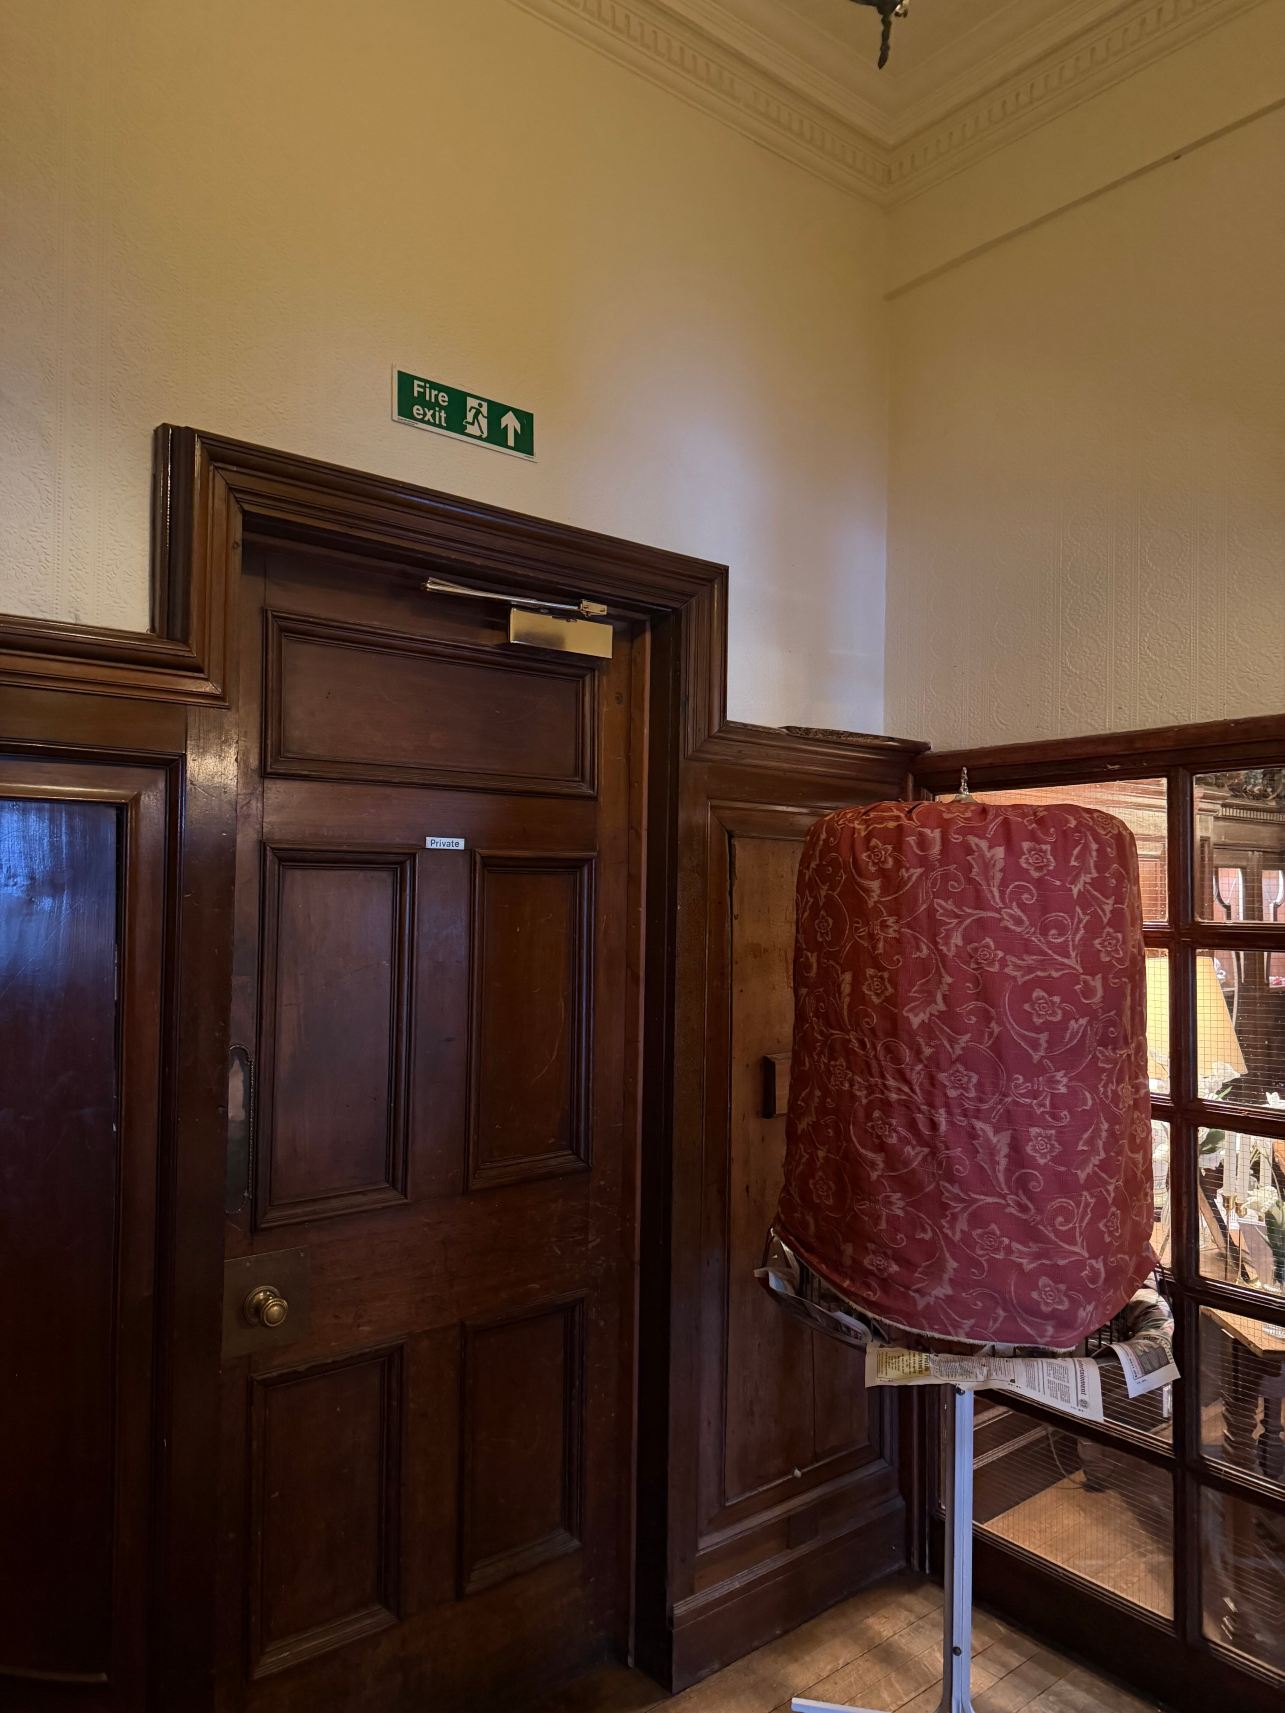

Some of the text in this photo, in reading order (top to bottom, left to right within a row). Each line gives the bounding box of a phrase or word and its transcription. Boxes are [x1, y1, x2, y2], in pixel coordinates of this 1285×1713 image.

[413, 380, 449, 406] Fire
[412, 404, 447, 427] exit
[430, 838, 460, 848] Private
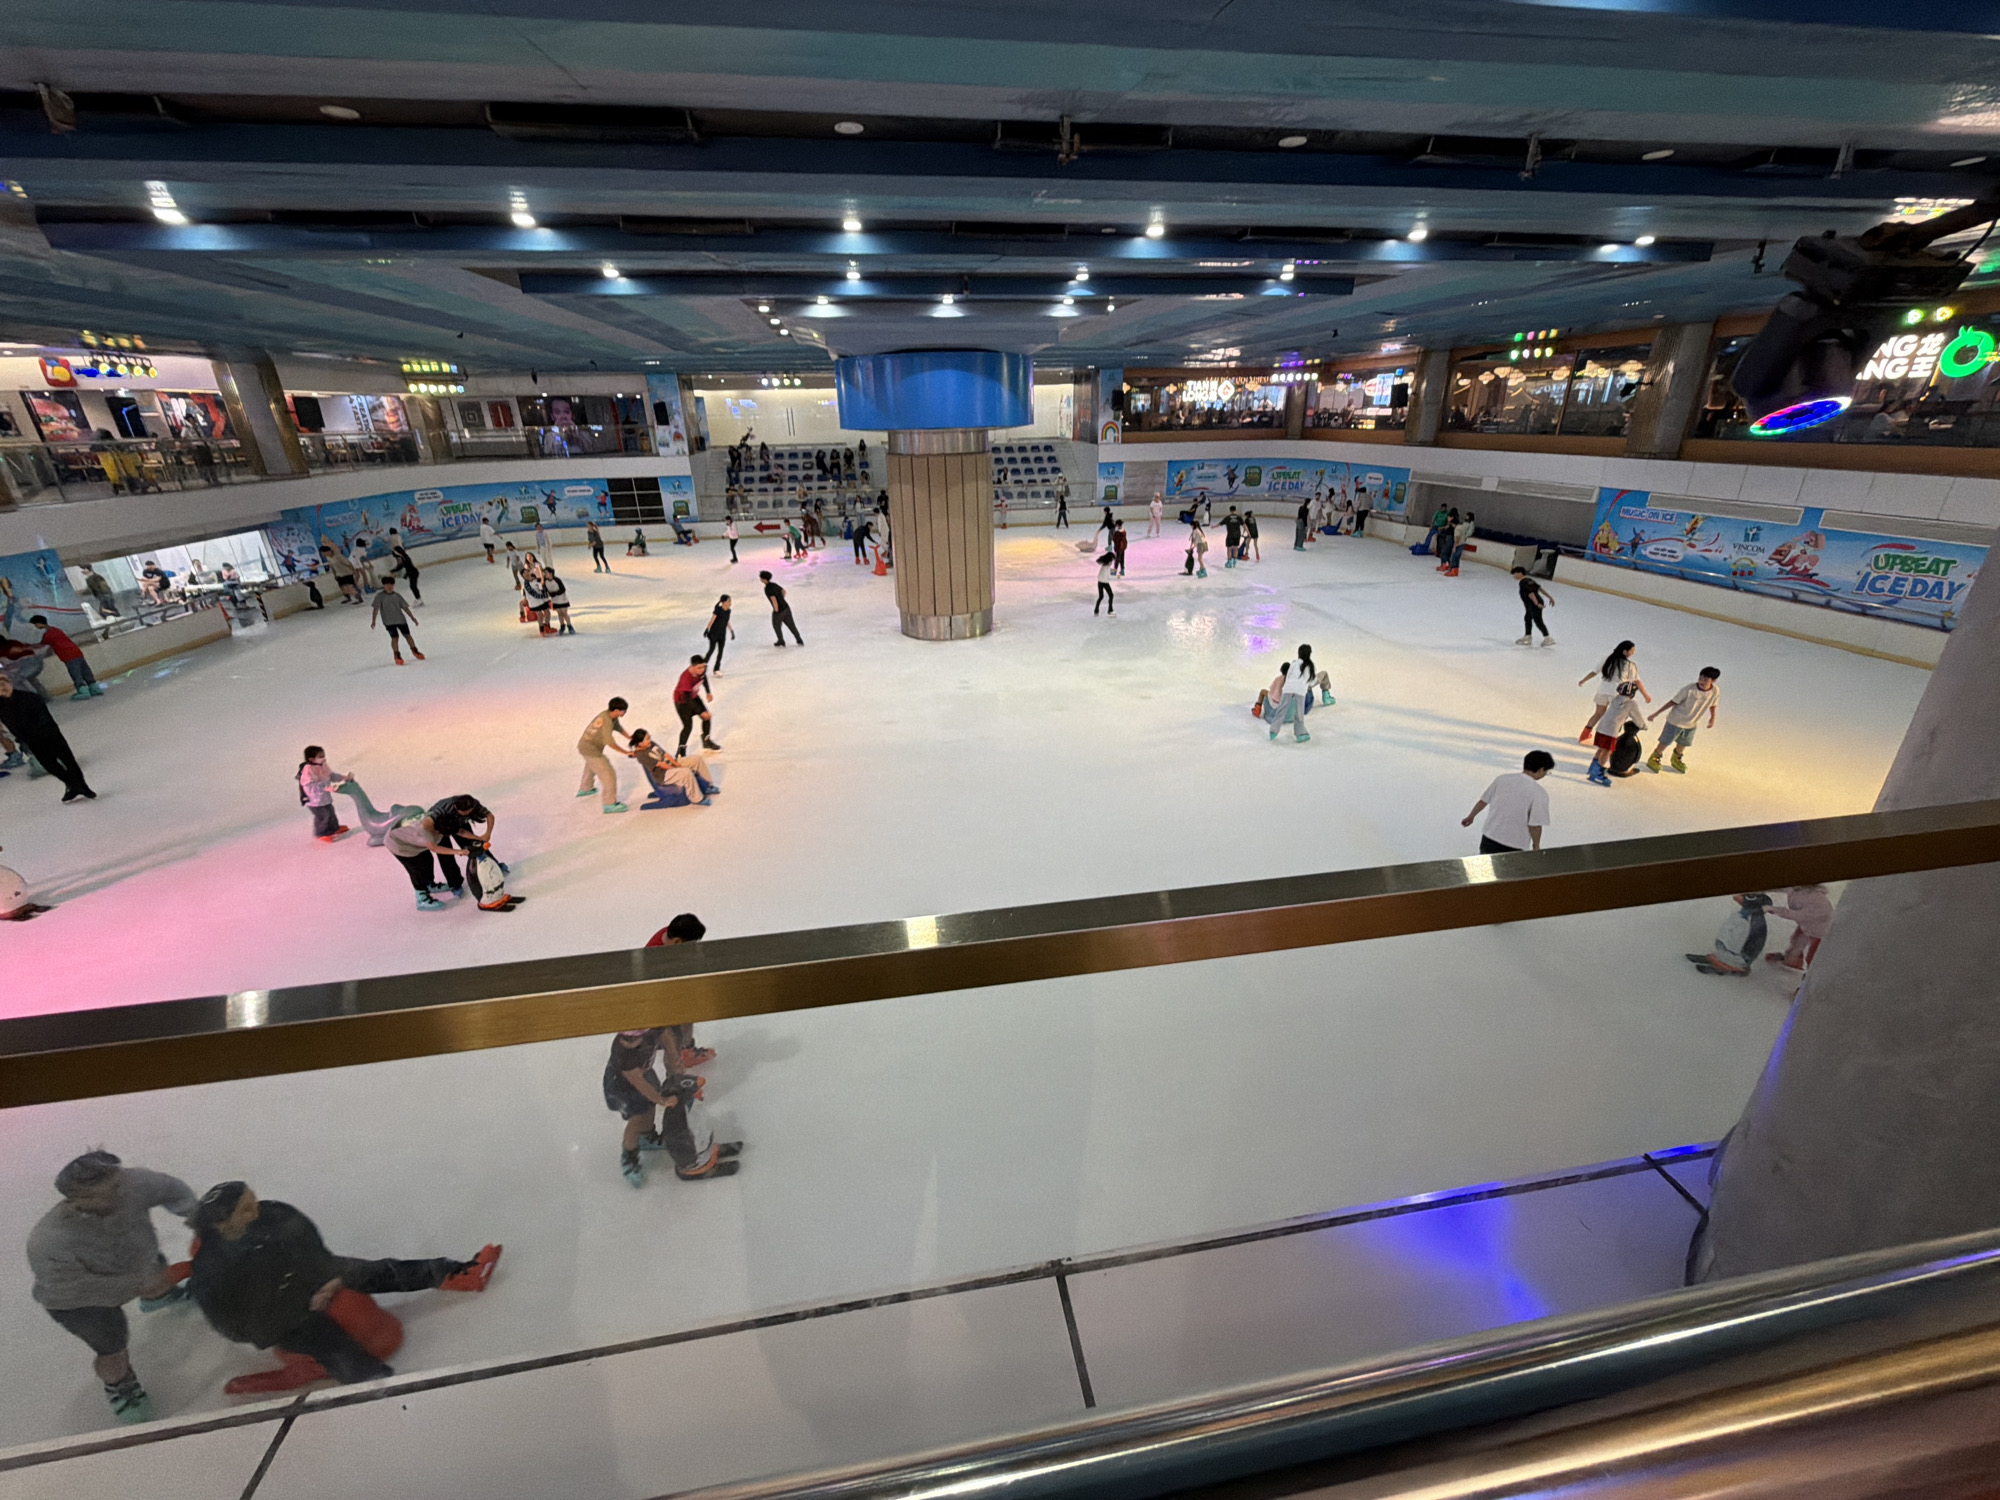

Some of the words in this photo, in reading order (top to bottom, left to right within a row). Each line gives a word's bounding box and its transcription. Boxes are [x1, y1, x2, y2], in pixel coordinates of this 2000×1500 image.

[1908, 356, 1937, 378] 王
[1182, 390, 1209, 402] LONG
[1621, 506, 1647, 519] MUSIC
[1647, 509, 1660, 520] ON
[1661, 512, 1676, 523] ICE
[1732, 542, 1765, 554] VINCOM
[1872, 553, 1958, 577] UPBEAT
[1854, 572, 1907, 598] ICE
[1908, 579, 1968, 601] DAY
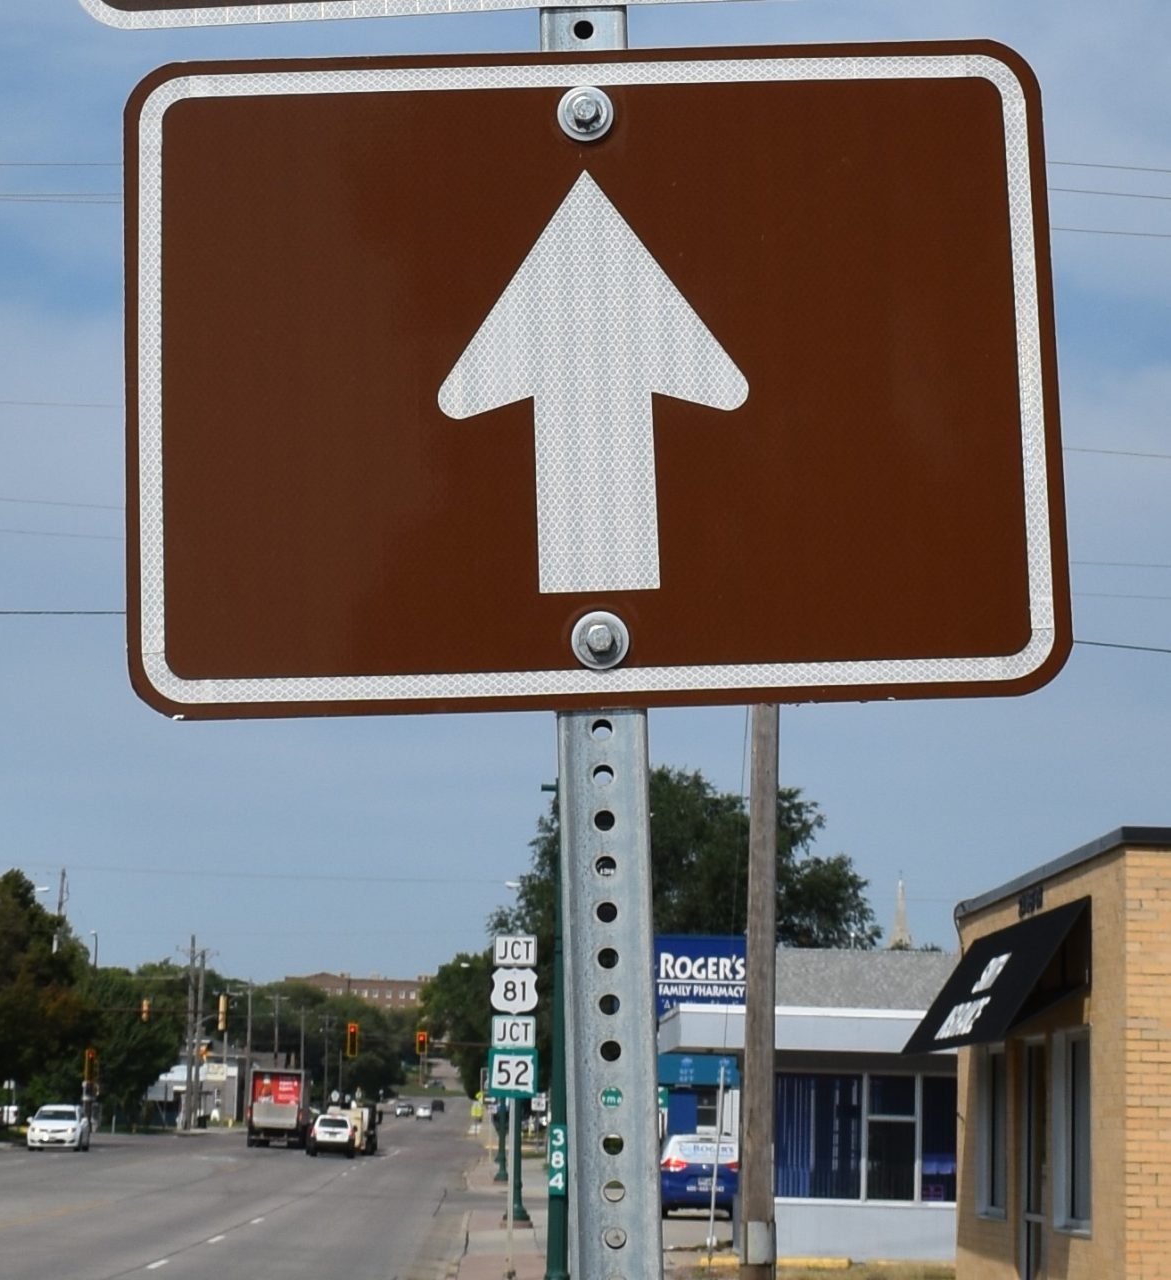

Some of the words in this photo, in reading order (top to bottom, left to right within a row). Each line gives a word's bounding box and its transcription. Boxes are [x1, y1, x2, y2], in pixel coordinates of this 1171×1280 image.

[498, 940, 533, 960] JCT
[659, 951, 746, 980] ROGER'S
[503, 980, 527, 1002] 81
[658, 984, 692, 996] FAMILY
[693, 984, 745, 998] PHARMACY
[497, 1022, 531, 1042] JCT
[497, 1060, 529, 1086] 52
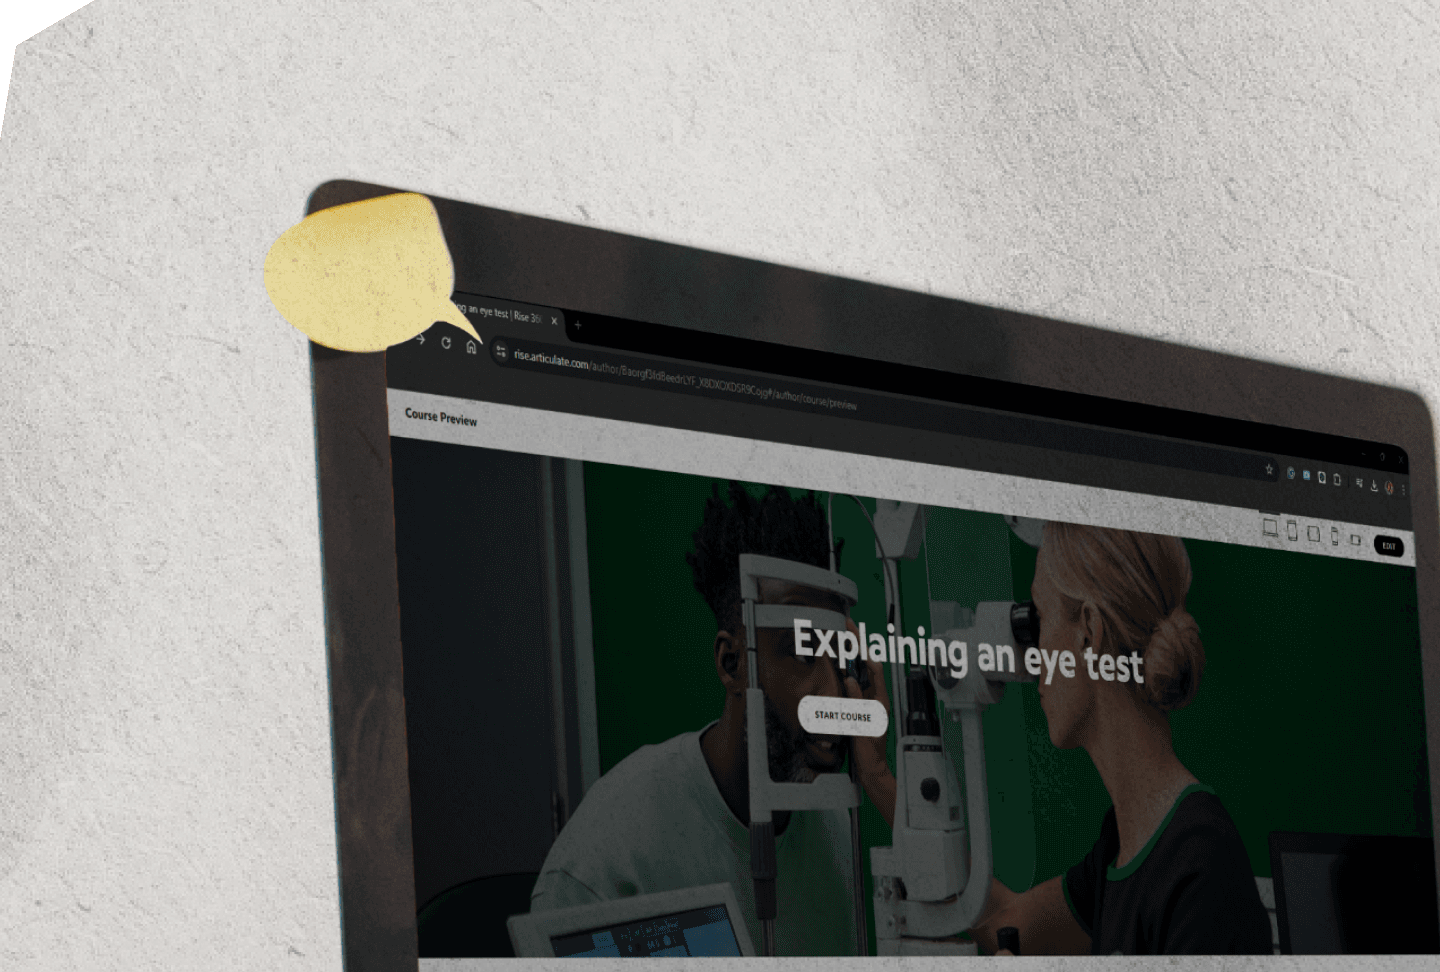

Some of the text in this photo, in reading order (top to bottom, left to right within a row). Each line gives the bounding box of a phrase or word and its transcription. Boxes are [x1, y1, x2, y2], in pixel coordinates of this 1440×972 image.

[468, 305, 478, 314] an
[479, 307, 493, 318] eye
[494, 308, 509, 319] test
[514, 310, 529, 322] Rise
[405, 407, 478, 427] Course Preview
[1382, 541, 1396, 551] EDIT
[793, 618, 1145, 686] Explaining an eye test
[814, 710, 872, 723] START COURSE

====

Assignment: The reply should consist only of the lines running from the one with "this 2000×1500 image." through the end of the material, both included, copied exactly; please omit pictures.

Response area:
Some of the words in this photo, in reading order (top to bottom, left to right within a row). Each line gives a word's bounding box and its transcription. Boxes are [x1, y1, x2, y2], in pixel coordinates of this 2000×1500 image.

[1908, 356, 1937, 378] 王
[1182, 390, 1209, 402] LONG
[1621, 506, 1647, 519] MUSIC
[1647, 509, 1660, 520] ON
[1661, 512, 1676, 523] ICE
[1732, 542, 1765, 554] VINCOM
[1872, 553, 1958, 577] UPBEAT
[1854, 572, 1907, 598] ICE
[1908, 579, 1968, 601] DAY

Some of the words in this photo, in reading order (top to bottom, left to right within a row). Each line gives a word's bounding box and its transcription. Boxes are [x1, y1, x2, y2], in pixel coordinates of this 1171×1280 image.

[498, 940, 533, 960] JCT
[659, 951, 746, 980] ROGER'S
[503, 980, 527, 1002] 81
[658, 984, 692, 996] FAMILY
[693, 984, 745, 998] PHARMACY
[497, 1022, 531, 1042] JCT
[497, 1060, 529, 1086] 52

Some of the text in this photo, in reading order (top to bottom, left to right within a row). Each line gives the bounding box of a phrase or word and its transcription. Boxes are [x1, y1, x2, y2], in pixel coordinates of this 1440×972 image.

[468, 305, 478, 314] an
[479, 307, 493, 318] eye
[494, 308, 509, 319] test
[514, 310, 529, 322] Rise
[405, 407, 478, 427] Course Preview
[1382, 541, 1396, 551] EDIT
[793, 618, 1145, 686] Explaining an eye test
[814, 710, 872, 723] START COURSE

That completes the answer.